Instructions for the task:
Write the data out in full and word for word. Do not include images.

Provided data:

────────

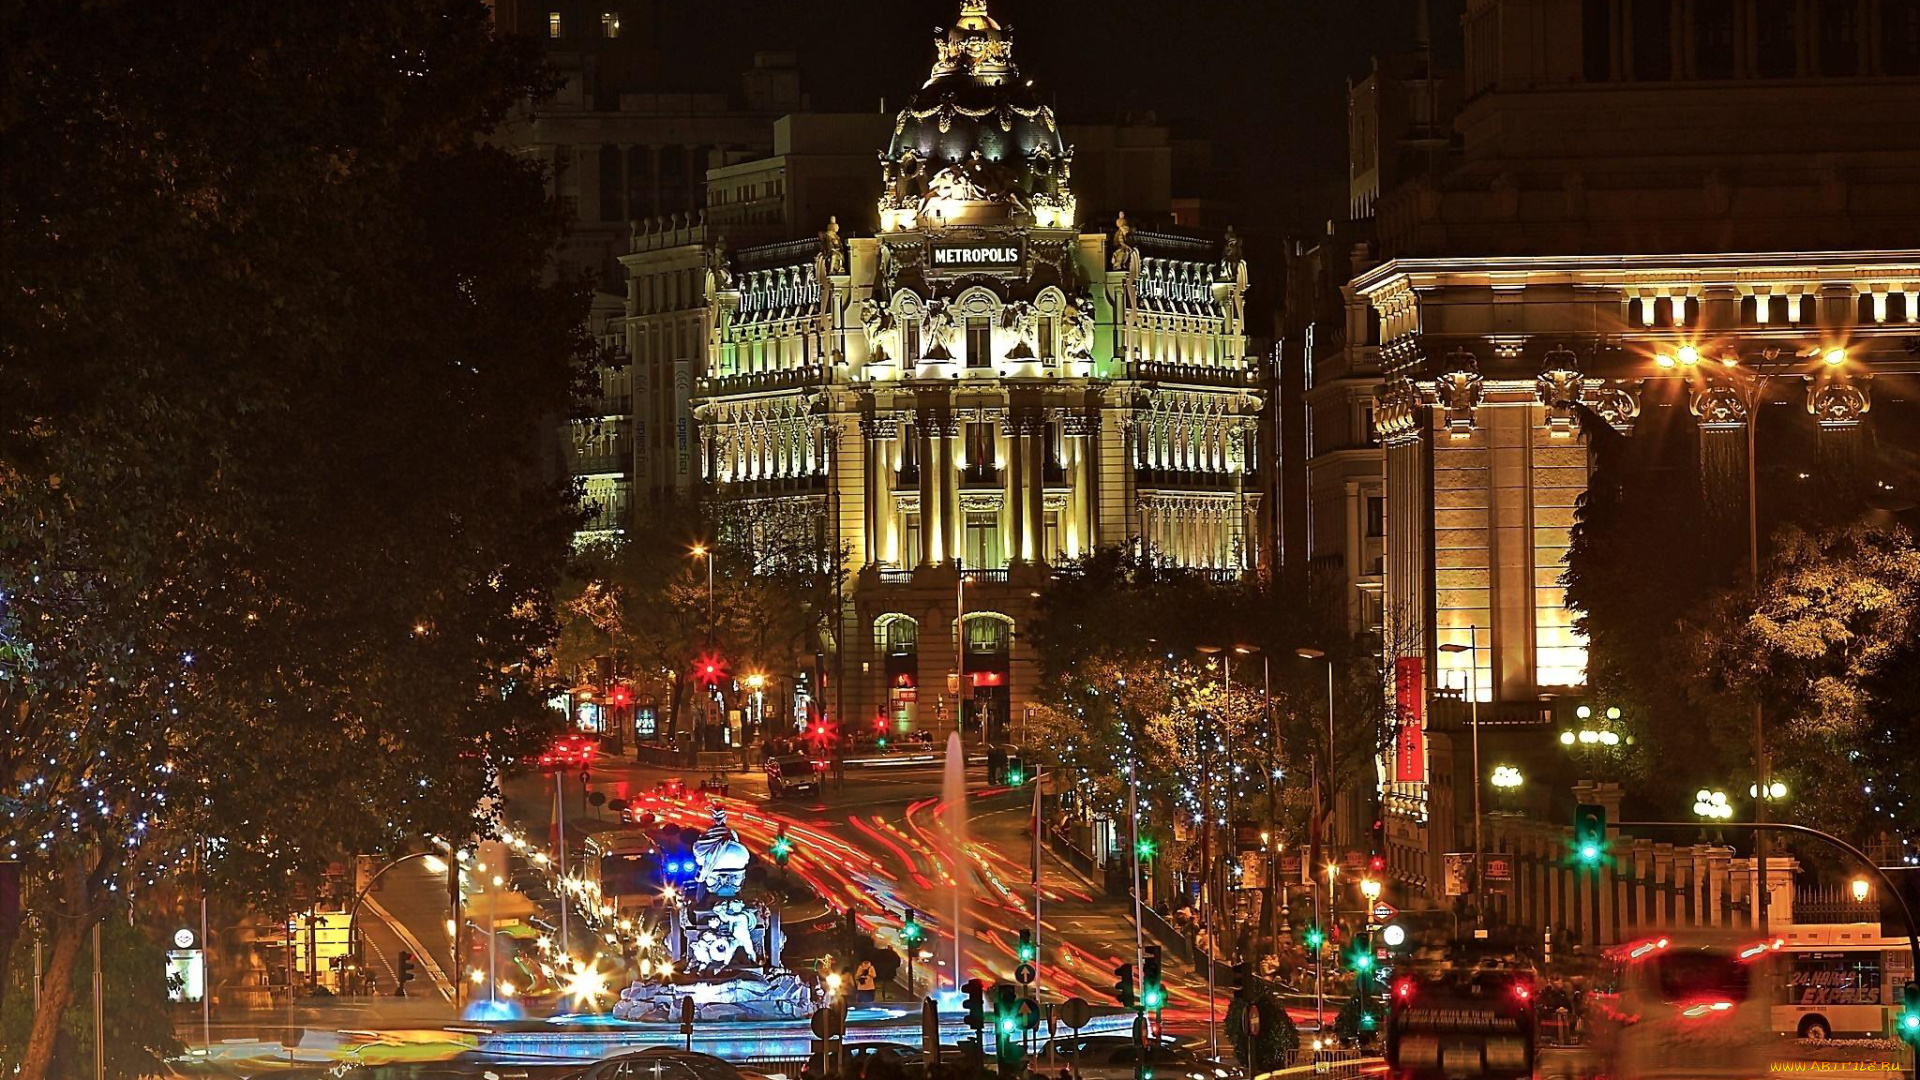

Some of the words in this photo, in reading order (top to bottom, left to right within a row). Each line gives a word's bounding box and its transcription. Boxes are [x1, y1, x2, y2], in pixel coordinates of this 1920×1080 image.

[935, 248, 1018, 263] METROPOLIS
[635, 421, 645, 453] salida
[677, 418, 686, 450] salida
[677, 454, 688, 474] hay
[1792, 972, 1809, 986] 24
[1800, 984, 1879, 1005] EXPRÉS

────────

Answer to the exercise:
Some of the words in this photo, in reading order (top to bottom, left to right within a row). Each line gives a word's bounding box and its transcription. Boxes are [x1, y1, x2, y2], in pixel coordinates of this 1920×1080 image.

[935, 248, 1018, 263] METROPOLIS
[635, 421, 645, 453] salida
[677, 418, 686, 450] salida
[677, 454, 688, 474] hay
[1792, 972, 1809, 986] 24
[1800, 984, 1879, 1005] EXPRÉS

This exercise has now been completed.